#### Source data:
============

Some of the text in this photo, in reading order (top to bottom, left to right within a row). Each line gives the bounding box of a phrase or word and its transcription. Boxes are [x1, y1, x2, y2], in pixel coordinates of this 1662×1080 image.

============

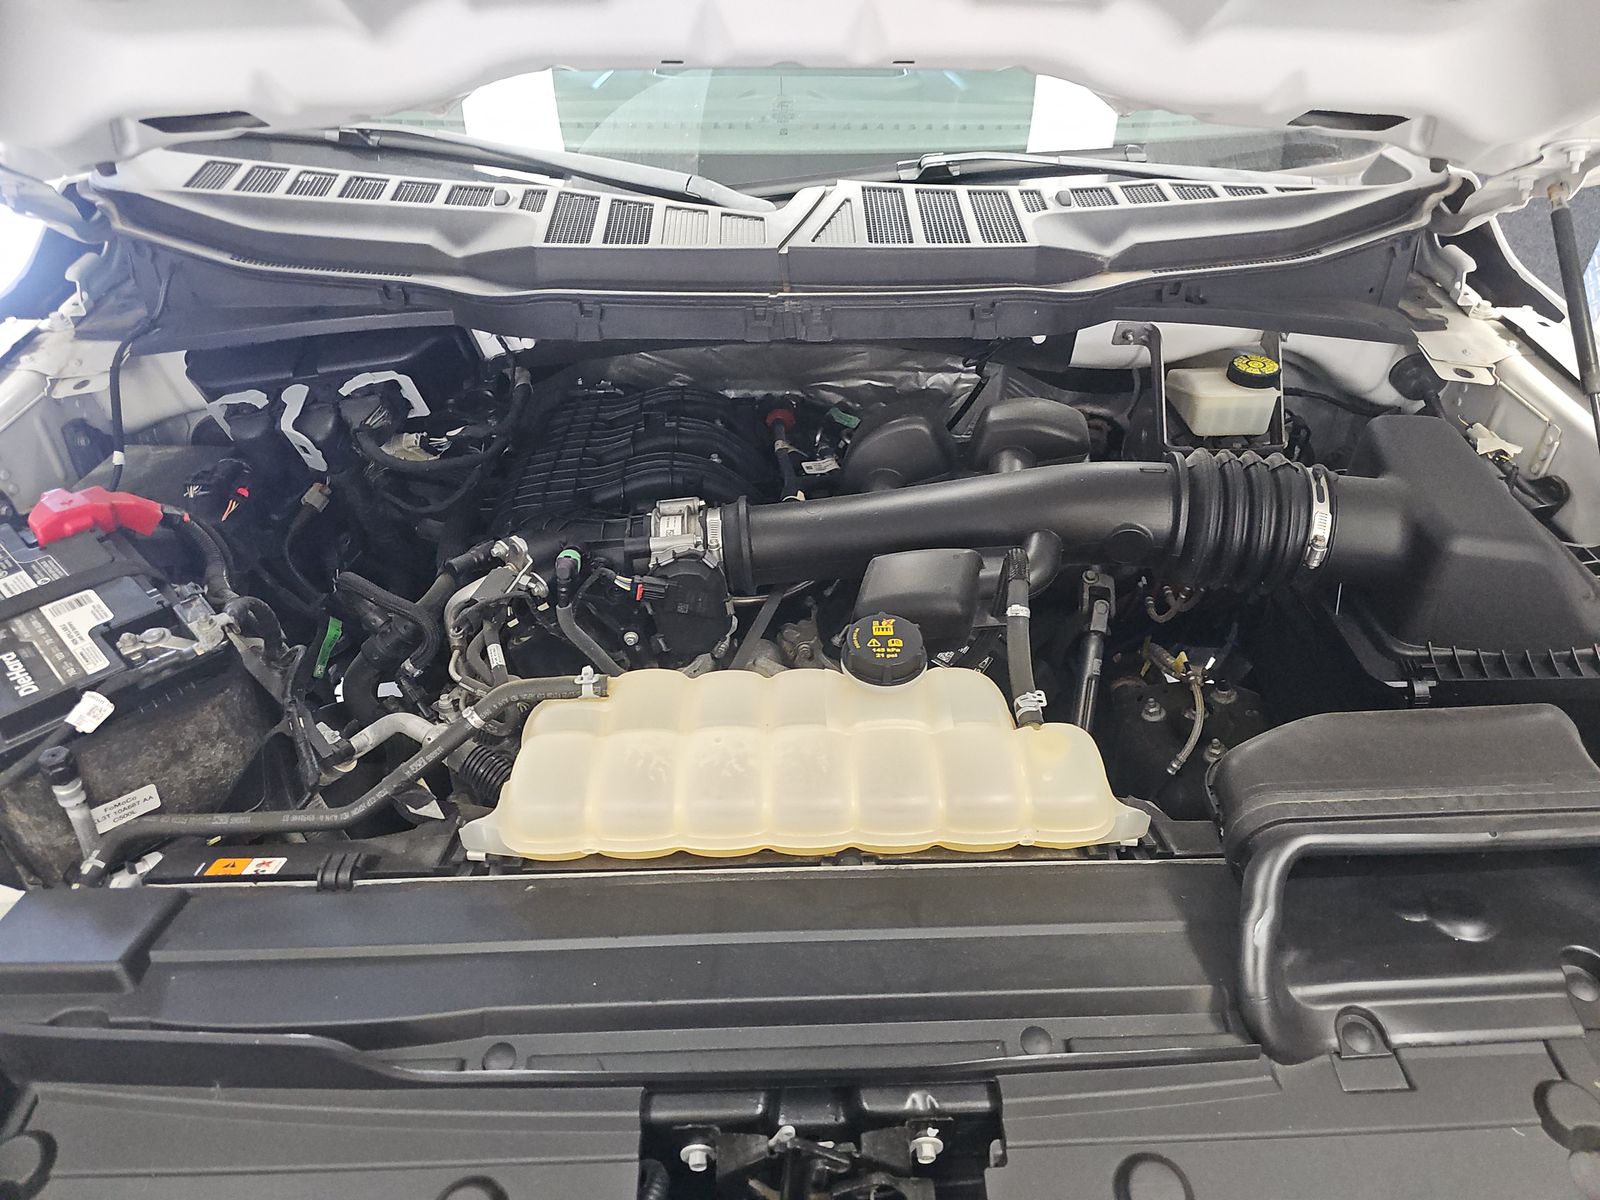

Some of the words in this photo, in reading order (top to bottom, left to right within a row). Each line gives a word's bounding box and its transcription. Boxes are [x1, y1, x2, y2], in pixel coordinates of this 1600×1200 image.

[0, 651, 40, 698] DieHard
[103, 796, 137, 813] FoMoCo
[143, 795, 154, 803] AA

============

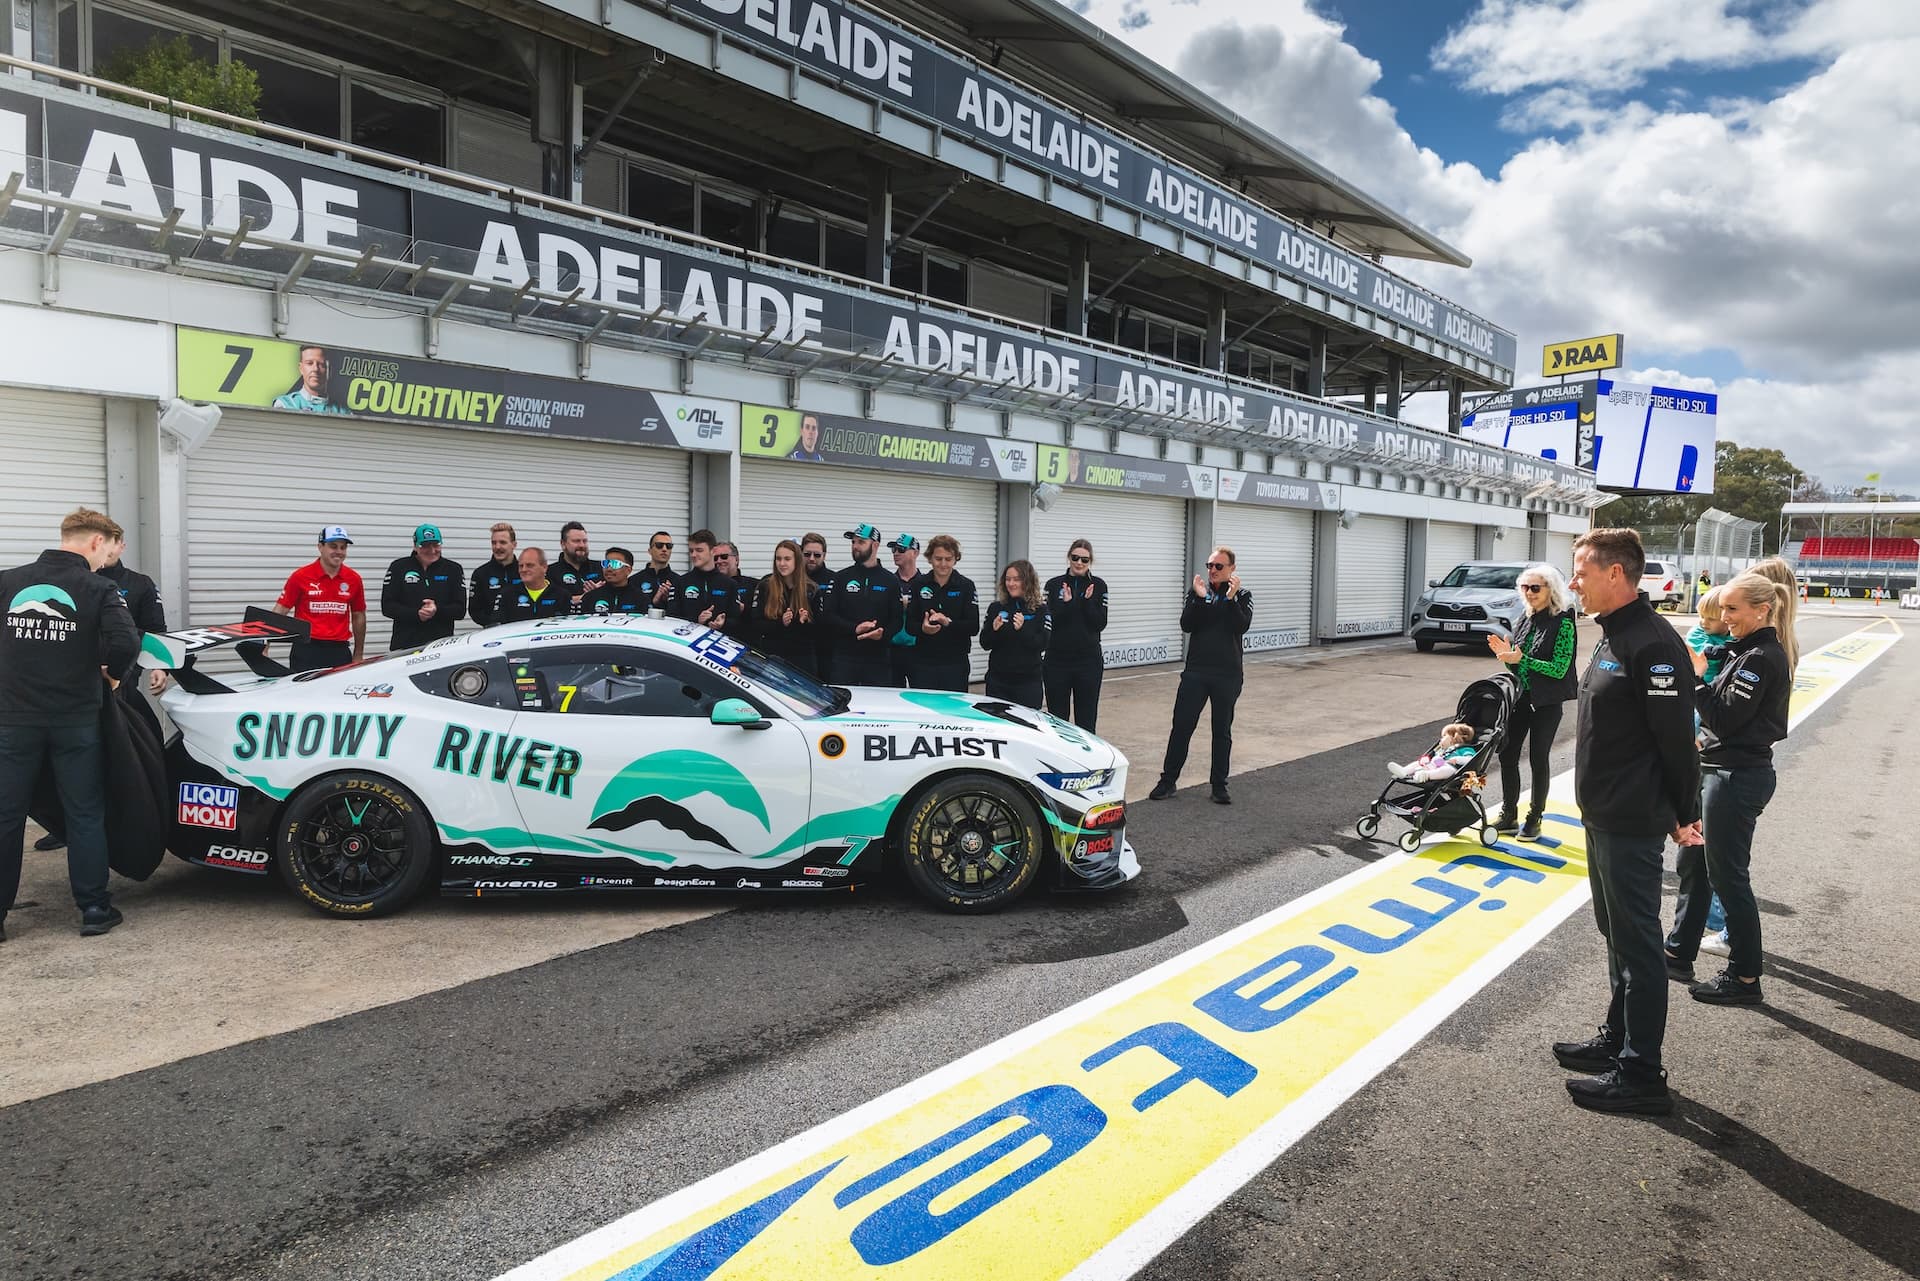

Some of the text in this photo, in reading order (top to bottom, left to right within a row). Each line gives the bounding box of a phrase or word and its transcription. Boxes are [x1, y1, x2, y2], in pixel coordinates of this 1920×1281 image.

============

#### Work required:
If a line of the data contains "text", copy it out.

#### Response for this exercise:
Some of the text in this photo, in reading order (top to bottom, left to right within a row). Each line gives the bounding box of a phrase or word and its transcription. Boxes are [x1, y1, x2, y2], in pixel coordinates of this 1662×1080 image.
Some of the text in this photo, in reading order (top to bottom, left to right within a row). Each line gives the bounding box of a phrase or word and its transcription. Boxes are [x1, y1, x2, y2], in pixel coordinates of this 1920×1281 image.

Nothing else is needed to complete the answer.